#### [YOUR OBJECTIVE]
Return all of the data below verbatim and exclude every picture.

(Data excerpts)
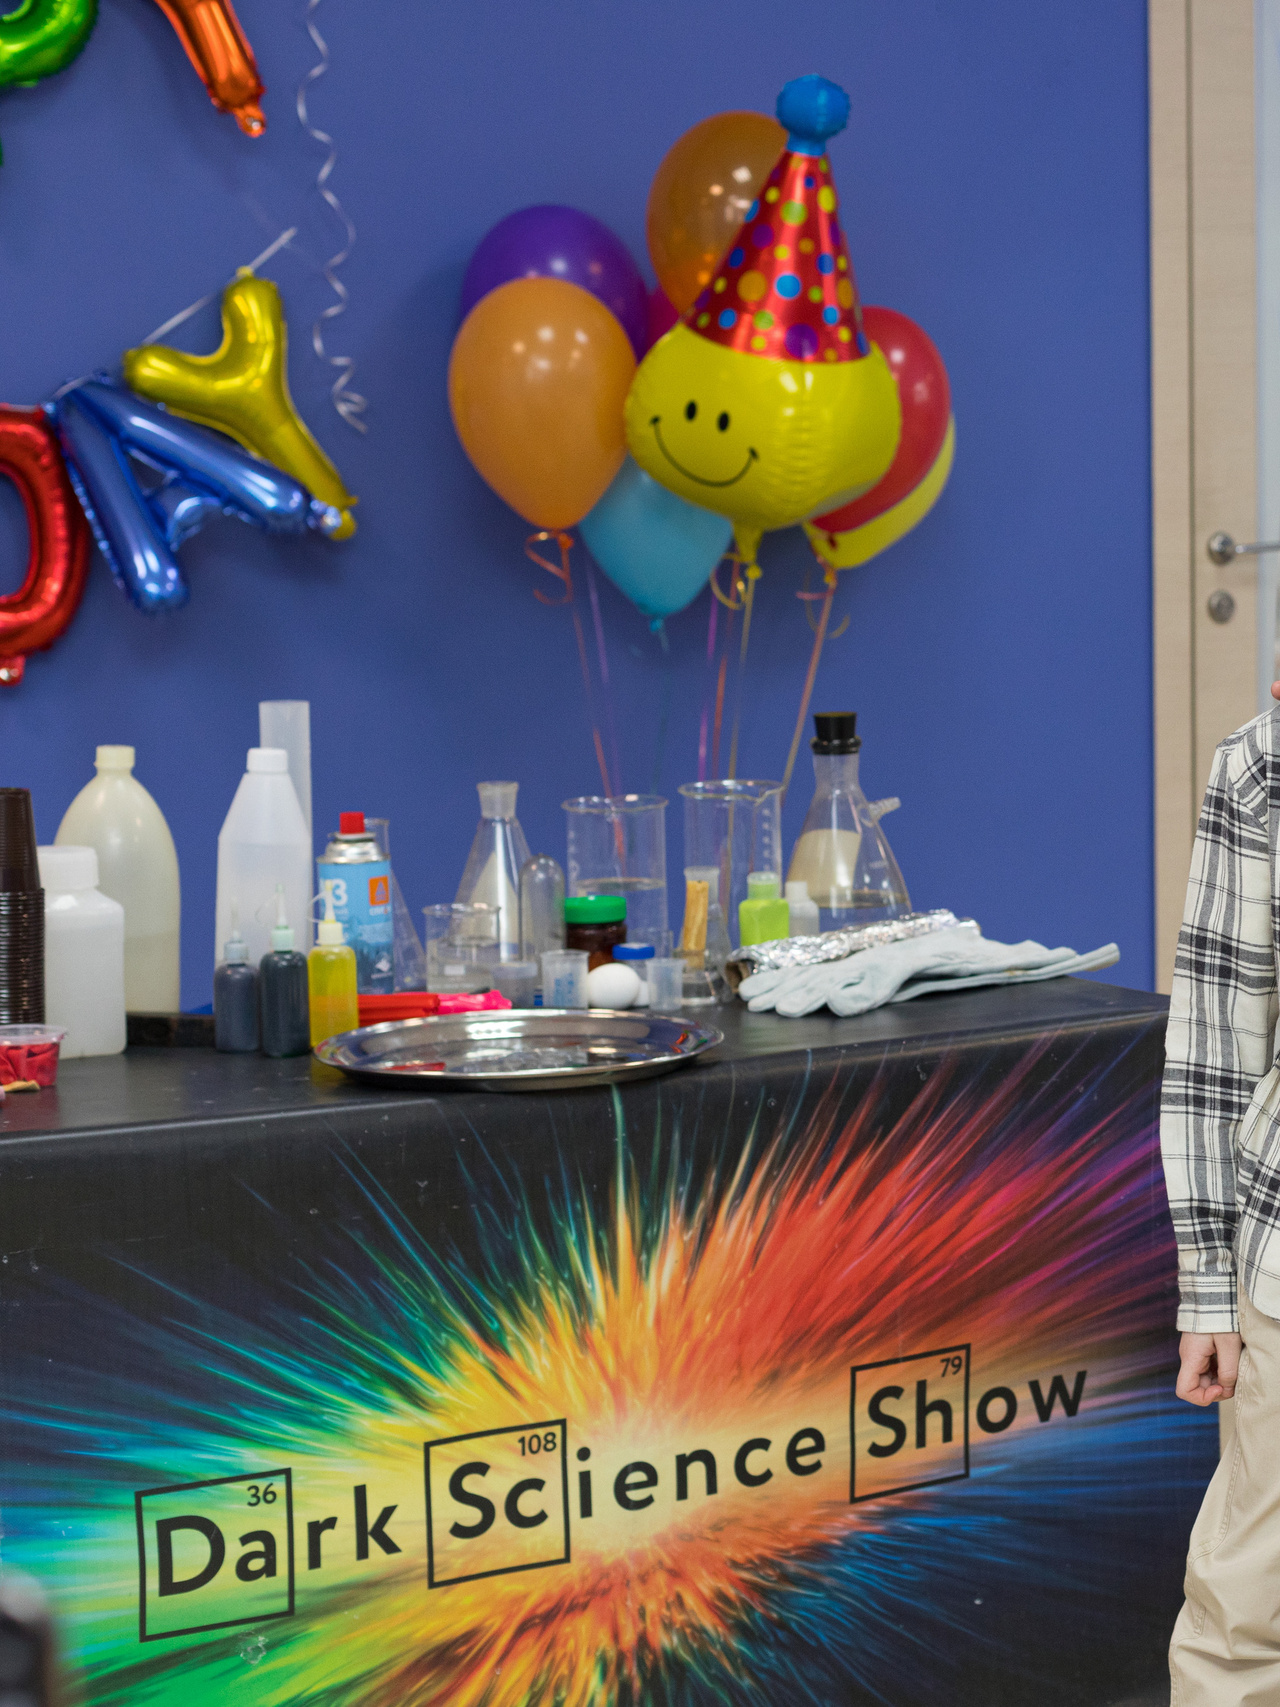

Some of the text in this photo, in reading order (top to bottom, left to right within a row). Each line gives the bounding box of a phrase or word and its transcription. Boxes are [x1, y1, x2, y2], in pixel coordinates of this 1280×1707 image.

[939, 1355, 963, 1378] 79
[517, 1431, 557, 1457] 108
[155, 1369, 1088, 1598] Dark Science Show
[246, 1482, 278, 1507] 36

#### [YOUR RESPONSE]
Some of the text in this photo, in reading order (top to bottom, left to right within a row). Each line gives the bounding box of a phrase or word and its transcription. Boxes are [x1, y1, x2, y2], in pixel coordinates of this 1280×1707 image.

[939, 1355, 963, 1378] 79
[517, 1431, 557, 1457] 108
[155, 1369, 1088, 1598] Dark Science Show
[246, 1482, 278, 1507] 36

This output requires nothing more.